Researchers in the Public Health Sciences Division recently found that younger women whose mammograms reveal large regions of breast density or certain types of mineral deposits (calcifications) have a high risk of developing breast cancer.
The finding may let radiologists decide whether a woman is a good candidate for more intensive cancer screening, said Dr. David Thomas, lead author of the study.
Results were published in the June issue of Cancer Epidemiology, Biomarkers & Prevention and involved collaborators in the Clinical Research Division and at the University of Washington.
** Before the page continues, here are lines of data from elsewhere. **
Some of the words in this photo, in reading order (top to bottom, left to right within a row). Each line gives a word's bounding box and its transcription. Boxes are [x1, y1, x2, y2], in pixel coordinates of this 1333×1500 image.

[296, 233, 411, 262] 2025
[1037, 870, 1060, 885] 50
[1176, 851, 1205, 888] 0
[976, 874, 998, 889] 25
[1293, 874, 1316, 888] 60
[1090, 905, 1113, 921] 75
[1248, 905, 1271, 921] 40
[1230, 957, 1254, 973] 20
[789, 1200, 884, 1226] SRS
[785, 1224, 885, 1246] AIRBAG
Radiologists in the study evaluated mammograms of 547 women under age 50 who later developed breast cancer and 472 women under 50 who did not develop the disease. In their review of mammograms, the radiologists did not know the subsequent breast cancer status of the women.
Four times more likely
Researchers found that a woman's risk of developing future breast cancer increased with the percentage of the area of dense tissue. Women with more than 70 percent dense breast tissue were four times more likely to develop cancer than women with low levels of breast density.
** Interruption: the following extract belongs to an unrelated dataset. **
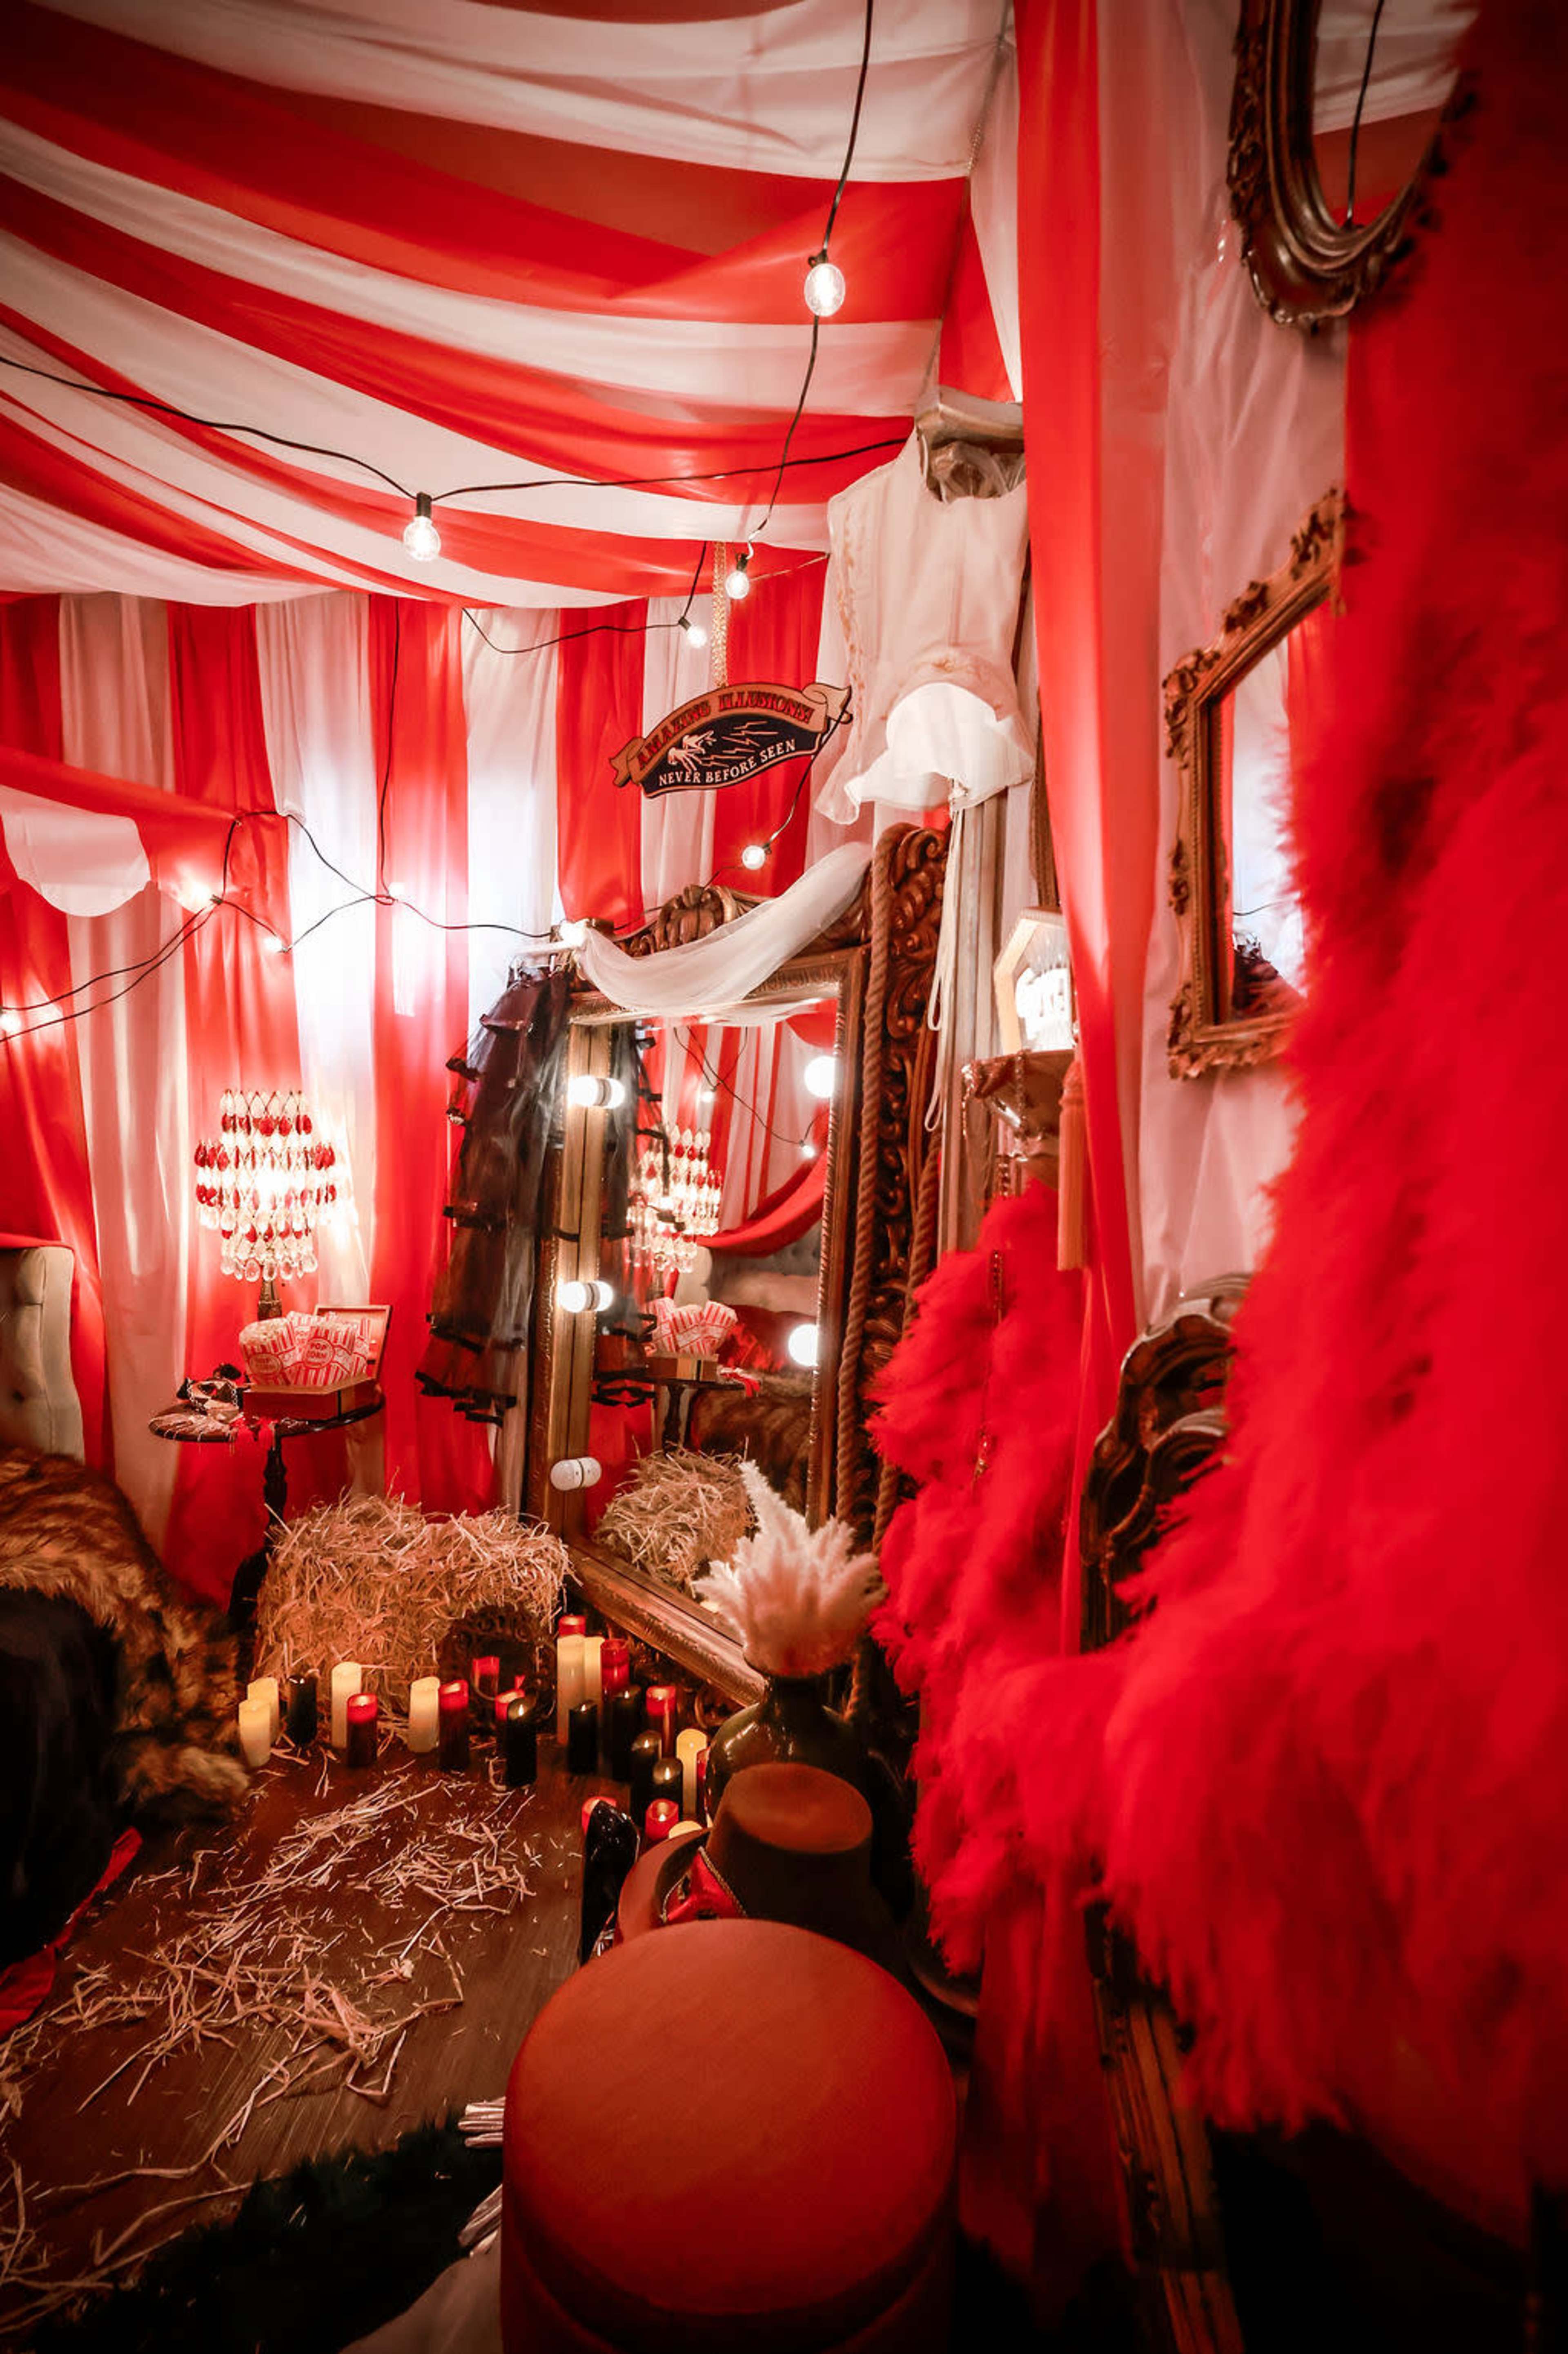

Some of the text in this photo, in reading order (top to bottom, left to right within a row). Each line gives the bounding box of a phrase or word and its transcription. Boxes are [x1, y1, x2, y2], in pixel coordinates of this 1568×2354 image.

[638, 691, 815, 771] AMAZING ILLUSIONS!
[659, 738, 796, 786] NEVER BEFORE SEEN
[306, 1350, 327, 1359] CORN
Some types of calcifications also were found to predict subsequent breast cancer, causing a two- to three-fold risk compared to women lacking calcifications.
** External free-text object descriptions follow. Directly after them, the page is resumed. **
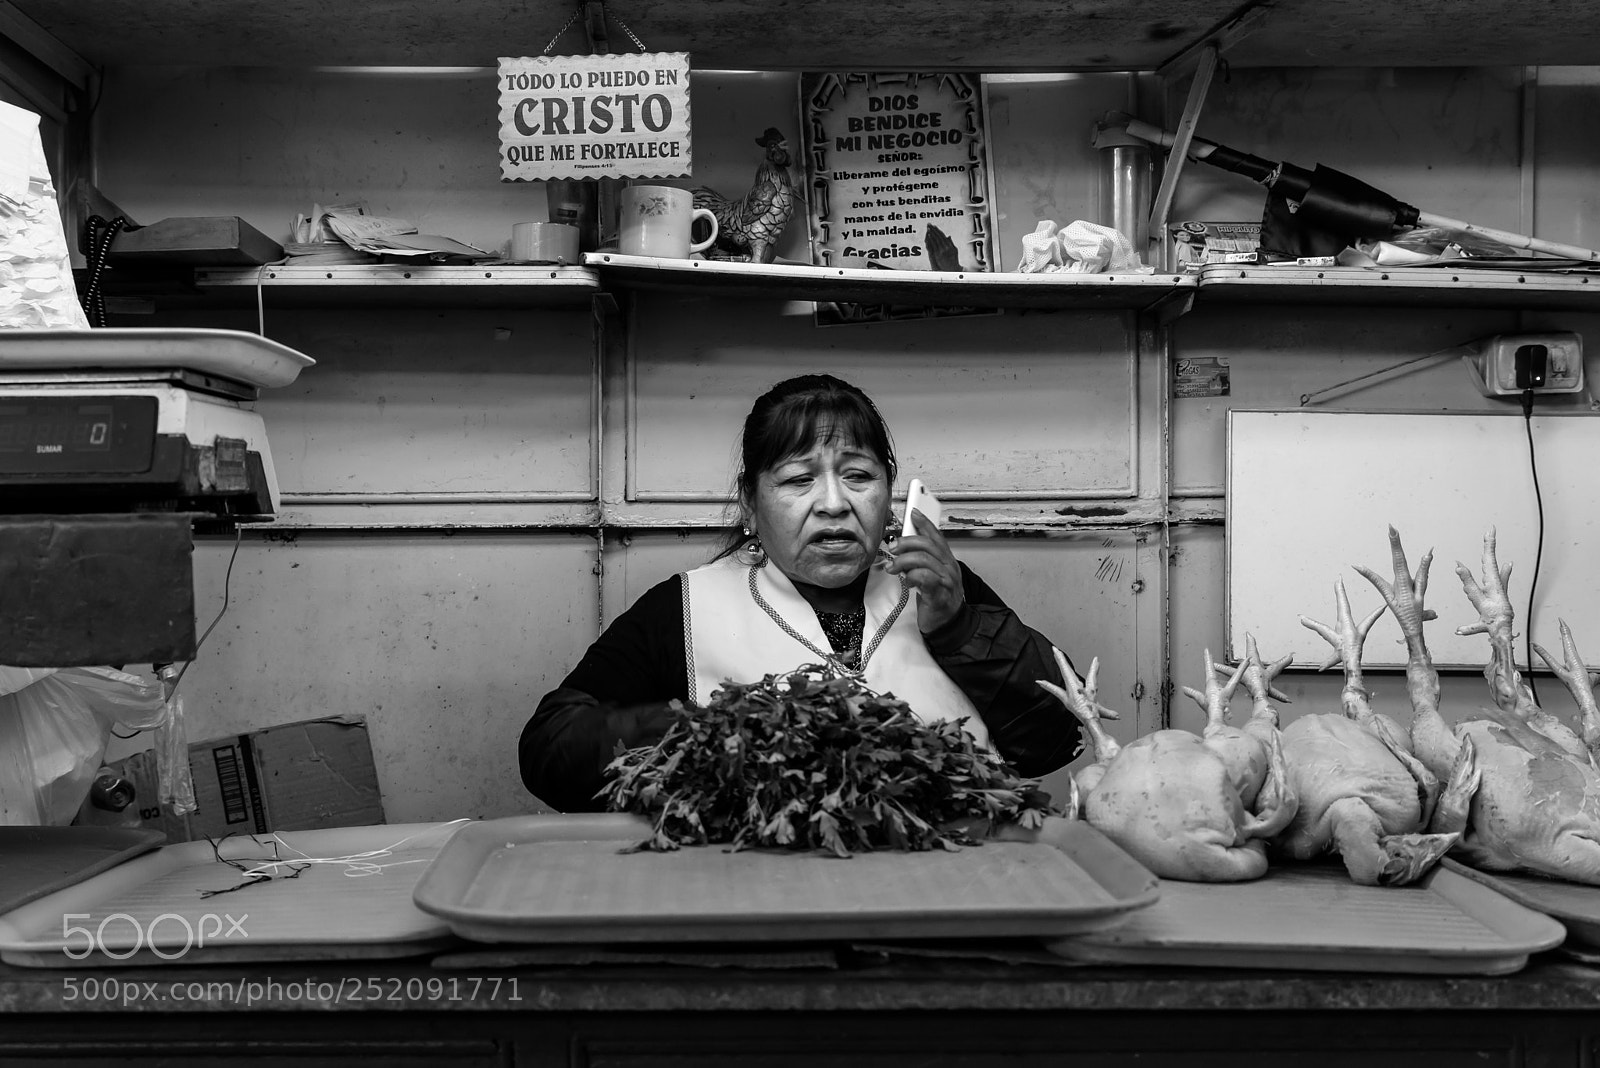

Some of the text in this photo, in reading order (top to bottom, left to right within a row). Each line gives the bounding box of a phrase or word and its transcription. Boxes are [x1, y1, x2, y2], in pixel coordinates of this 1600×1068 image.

[560, 73, 582, 89] LO
[587, 70, 650, 88] PUEDO
[655, 69, 678, 86] EN
[868, 94, 919, 112] DIOS
[514, 93, 672, 136] CRISTO
[848, 112, 942, 133] BENDICE
[835, 129, 963, 152] MI NEGOCIO
[507, 141, 680, 166] QUE ME FORTALECE
[877, 150, 923, 163] SEÑOR:
[833, 164, 966, 181] Liberame del egoísmo
[861, 181, 939, 194] y protégeme
[851, 195, 952, 209] con tus benditas
[844, 208, 964, 224] manos de la envidia
[841, 225, 917, 240] y la maldad.
[842, 243, 922, 260] Gracias
[90, 423, 107, 444] 0
[36, 445, 63, 454] SUMAR
Most significant was the increased risk—up to 10-times higher—calculated for women with both a high percentage of dense breast tissue and certain types of calcifications. Although previous studies have examined the risk of density and calcifications independently, the PHS analysis is the first to look at their combined effects.
Dr. Constance Lehman, director of breast imaging at the Seattle Cancer Care Alliance, a UW associate professor of radiology and co-author of the study, said the findings can be put to practical use.
"Women who have these mammographic features need to be particularly vigilant about being screened for breast cancer," she said.
More common in young women
Breast density is much more common in young women than in older women, whose breasts tend to consist of more fatty tissue.
In part, because density tends to make mammograms more difficult to interpret and may mask radiological detection of breast tumors, the usefulness of mammograms for younger women is controversial, Thomas said.
"Still, many women under 50 do get mammograms," he said. "If that's the case, can radiologists get more useful information from them? Our results indicate that they can."
Although breast density can mask tumors, it is unlikely that all subsequent cancers observed in this study represent previously undetected cancers. Many women in the study were not diagnosed with cancer until six or more years after their mammograms revealed density and calcifications, a time frame longer than would be expected if their tumors had been present at that time.
Lehman said the study results represent yet another way to provide women with useful information about their cancer risk.
"We're learning more and more about risk factors for breast cancer," she said.
"It's been well known that density tends to hide cancers on the mammogram. It has also been shown that increased density can put a woman at increased risk for developing cancer.
"In this paper, we show certain types of calcifications, combined with increased breast density, are additional risk factors. It's more information we can share with women and their doctors to help them make decisions about their cancer risk."